Mixed martial arts record
- Total: 19
- Wins: 14
- By knockout: 8
- By submission: 6
- Losses: 5
- By submission: 4
- By decision: 1

Other information
- University: The Citadel Military College of South Carolina
- Mixed martial arts record from Sherdog
- Status: Incarcerated
- Convictions: Domestic battery (11 counts); Coercion (2 counts); Preventing a victim from reporting a crime (3 counts); First-degree kidnapping (2 counts); Rape (3 counts); Attempted rape; Sexual assault; Battery (6 counts);
- Criminal penalty: Life imprisonment with the possibility of parole after 36 years

Details
- Injured: Christy Mack, Corey Thomas
- Weapon: Kitchen knife
- Date apprehended: August 15, 2014

= War Machine (mixed martial artist) =

American criminal and mixed martial artist (born 1981)

War Machine (born Jonathan Paul Koppenhaver; (Note: His legal name was changed to War Machine in 2008.) November 30, 1981) is an American former professional mixed martial artist.

Koppenhaver had a 14–5 overall record in MMA fighting in various MMA promotions, including Bellator MMA and the UFC. He competed in the welterweight division. He was a fighter on The Ultimate Fighter: Team Hughes vs. Team Serra as part of Team Serra and also competed for Bellator MMA, Tachi Palace Fights, BAMMA, and the Xtreme Fighting Championships. He also appeared in several pornographic films.

In March 2017, Koppenhaver was convicted on 29 felony counts of rape, kidnapping, domestic battery, and other charges after sexually assaulting and beating his ex-girlfriend, Christy Mack and her then-boyfriend Corey Thomas in 2014. In June 2017, he was sentenced to life in prison with the possibility of parole after 36 years.

==Early life==
Koppenhaver was born in the Los Angeles suburb of Simi Valley. His German-American father was an officer for the Los Angeles Police Department. His Mexican-American mother worked as a nurse and later became a work-at-home mother. Due to his mother's drug addiction, Koppenhaver would often take care of his younger brother and sister. When he was 13, Koppenhaver suffered a personal trauma when he unsuccessfully performed CPR on his father after he suffered a heart attack.

In August 2000, Koppenhaver attended The Citadel in Charleston, South Carolina, for two years but was expelled for "poor behavior". While attending, he majored in biology. In an interview, Koppenhaver claimed that he had been earning high marks at The Citadel.

==Mixed martial arts career==

===The Ultimate Fighter Season Six===
Koppenhaver was a fighter on The Ultimate Fighter: Team Hughes vs. Team Serra, fighting on Team Serra. He was not part of the original 16 fighters. Instead, Koppenhaver was brought in as a replacement when Roman Mitichyan broke his elbow during evaluations and was sent home. Koppenhaver lost by unanimous decision to Tom Speer. After a dispute with TNA Wrestling over the use of his nickname, he legally changed his name from "Jon Koppenhaver" to "War Machine" in 2008.

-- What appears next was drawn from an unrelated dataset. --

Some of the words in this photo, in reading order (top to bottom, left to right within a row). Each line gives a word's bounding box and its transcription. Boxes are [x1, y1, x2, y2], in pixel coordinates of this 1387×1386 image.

===Ultimate Fighting Championship===
In War Machine's official UFC debut, he defeated Jared Rollins in The Ultimate Fighter: Team Hughes vs Team Serra Finale via KO at 2:01 of the third round. War Machine and Rollins both received $25,000 due to winning fight of the night honors and War Machine winning knockout of the night. His last UFC fight was at UFC 84 against Yoshiyuki Yoshida which he lost via submission in the first round.

He was released from the UFC after rejecting a fight offered by UFC matchmaker Joe Silva, and after comments made about the death of fellow UFC fighter Evan Tanner. War Machine posted on his Myspace that he believed that Tanner had gone to the isolated southern California desert to kill himself after he realized his career might have been over and basically had made no money during it. Medical examiners eventually ruled that Tanner's death was not a suicide, but War Machine stood by his statements.

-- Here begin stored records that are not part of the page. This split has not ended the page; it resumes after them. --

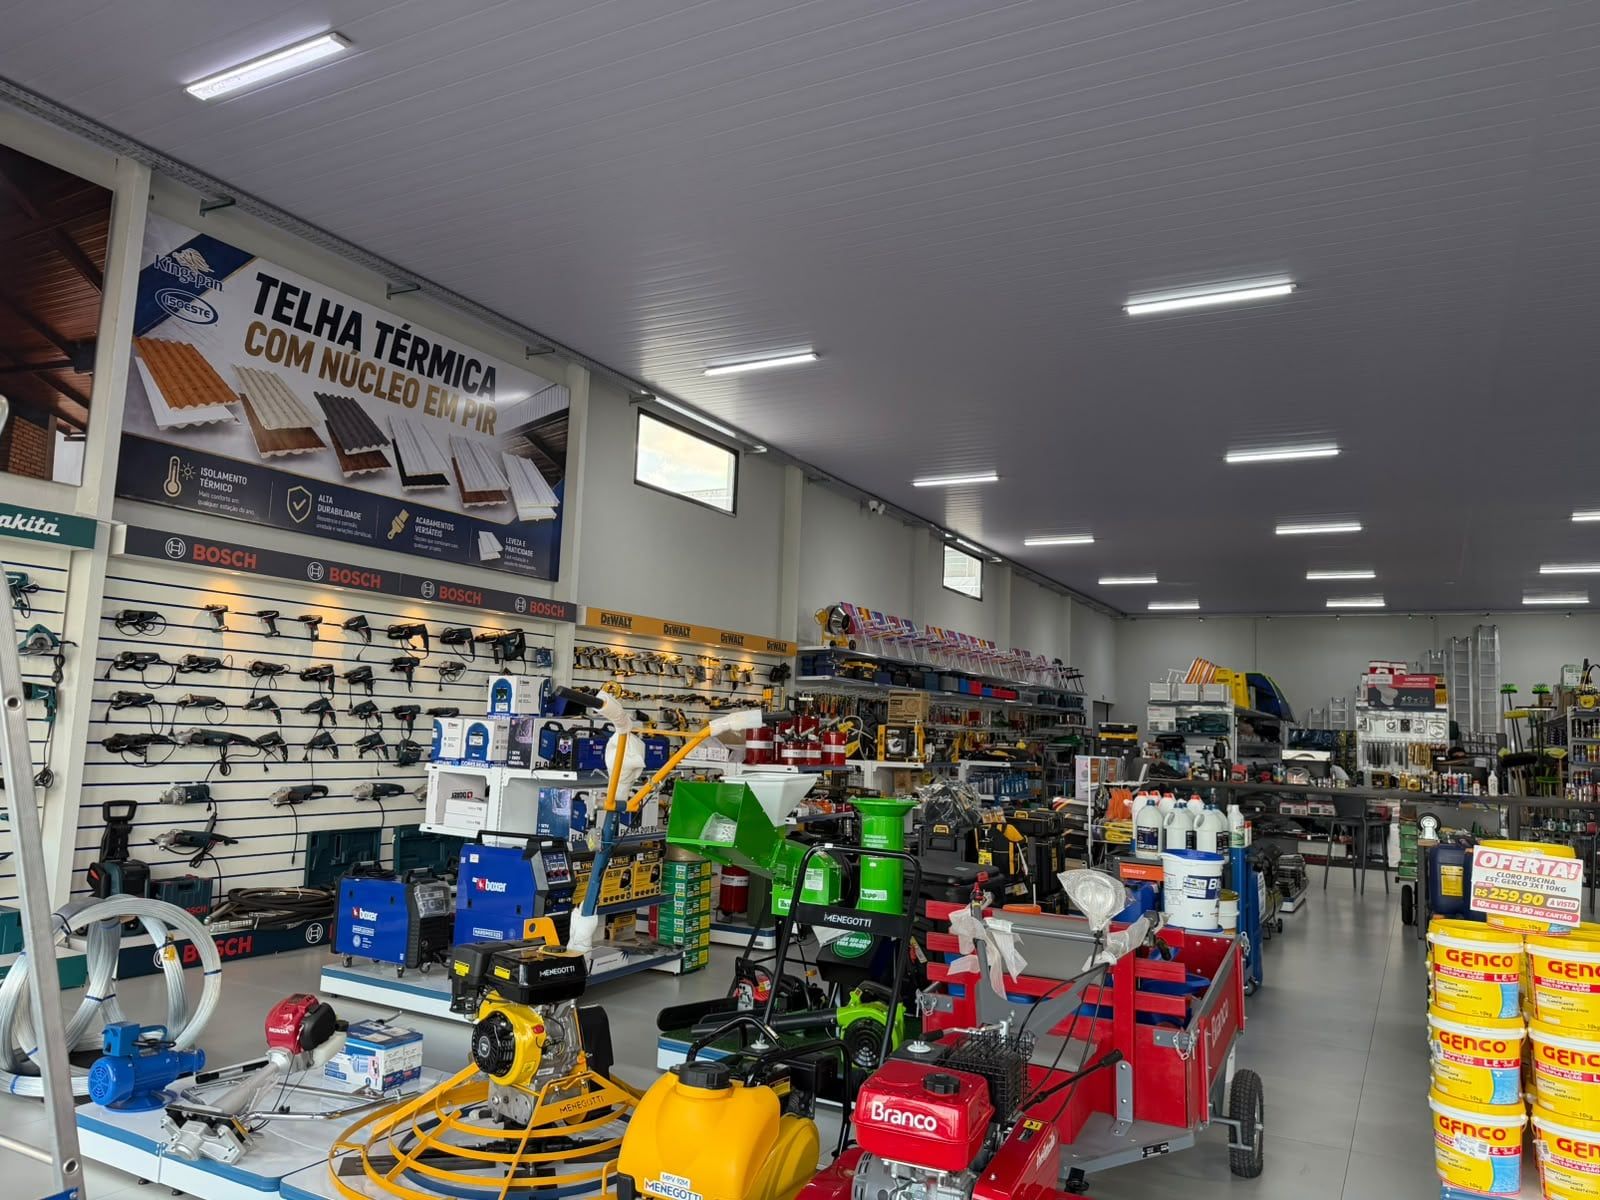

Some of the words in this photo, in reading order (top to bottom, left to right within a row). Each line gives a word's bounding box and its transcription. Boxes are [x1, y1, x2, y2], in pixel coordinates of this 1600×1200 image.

[154, 254, 224, 292] Kingspan
[164, 294, 211, 319] ISOESTE
[253, 272, 363, 352] TELHA
[373, 319, 497, 403] TÉRMICA
[244, 321, 316, 374] COM
[318, 346, 420, 409] NÚCLEO
[423, 383, 458, 424] EM
[461, 400, 498, 436] PIR
[199, 477, 233, 493] TÉRMICO
[200, 467, 248, 485] ISOLAMENTO
[317, 494, 333, 504] ALTA
[317, 504, 362, 521] DURABILIDADE
[0, 512, 61, 537] akita
[414, 524, 443, 538] VERSÁTEIS
[415, 516, 455, 532] ACABAMENTOS
[192, 542, 257, 569] BOSCH
[329, 566, 383, 588] BOSCH
[439, 585, 483, 606] BOSCH
[529, 601, 565, 617] BOSCH
[1479, 852, 1579, 880] OFERTA!
[486, 879, 507, 893] boxer
[1485, 875, 1500, 883] EST.
[1501, 878, 1528, 887] GENCO
[1545, 884, 1567, 893] 10KG
[1496, 872, 1523, 881] CLORO
[1523, 875, 1556, 886] PISCINA
[1474, 888, 1488, 898] R$
[1488, 886, 1545, 906] 259,90
[1557, 899, 1576, 909] VISTA
[185, 905, 208, 914] OSCH
[1510, 904, 1533, 914] 28,90
[824, 912, 872, 928] MENEGOTTI
[183, 935, 254, 964] BSCH
[1446, 949, 1513, 968] GENCO
[539, 965, 576, 977] MENEGOTTI
[1547, 960, 1600, 979] GEN
[1439, 1030, 1506, 1053] GENCO
[1542, 1045, 1600, 1068] GENC
[559, 1095, 605, 1114] MENEGOTTI
[871, 1101, 938, 1132] Branco
[1439, 1115, 1506, 1141] GENCO
[1556, 1137, 1600, 1160] GEN

===Bellator Fighting Championships===
War Machine was signed and then released by Bellator Fighting Championships. His MySpace blog cited disparaging comments about Barack Obama as the cause for his non-participation in their upcoming tournament.

===Independent promotions (2009–2011)===
On June 20, 2009, War Machine was set to fight Roger Bowling. They were then set to fight at XFC 9 in Tampa, Florida on September 5, where it was to be the main event and would broadcast live over HDNet's website.

On September 5, 2009, War Machine stepped into the cage and faced off against Mikey Gomez. The ref stopped the fight, giving a somewhat controversial win to War Machine by TKO (punches), at 13 seconds in the third round. War Machine was scheduled to fight October 3, 2009 against Jacob McClintock, but cancelled the fight so he could fight on October 8, 2009, against David Mitchell.

On April 17, 2010, he was set to face Tex Johnson in the main event of Wild Bill's Fight Night. On April 16, TMZ.com reported that War Machine left a comment on his Twitter, stating he would not be turning up to the event for the fight.

===Return to Bellator Fighting Championships===
On December 7, 2011, it was announced that War Machine was re-signed to an exclusive deal with Bellator Fighting Championships and would be competing in its sixth-season Welterweight Tournament. War Machine was expected to fight Karl Amoussou in the opening round of the welterweight tournament at Bellator 63. War Machine was sentenced to a year in prison for the prior assault in Las Vegas, Nevada from December 2009 and was forced out of the bout and the tournament.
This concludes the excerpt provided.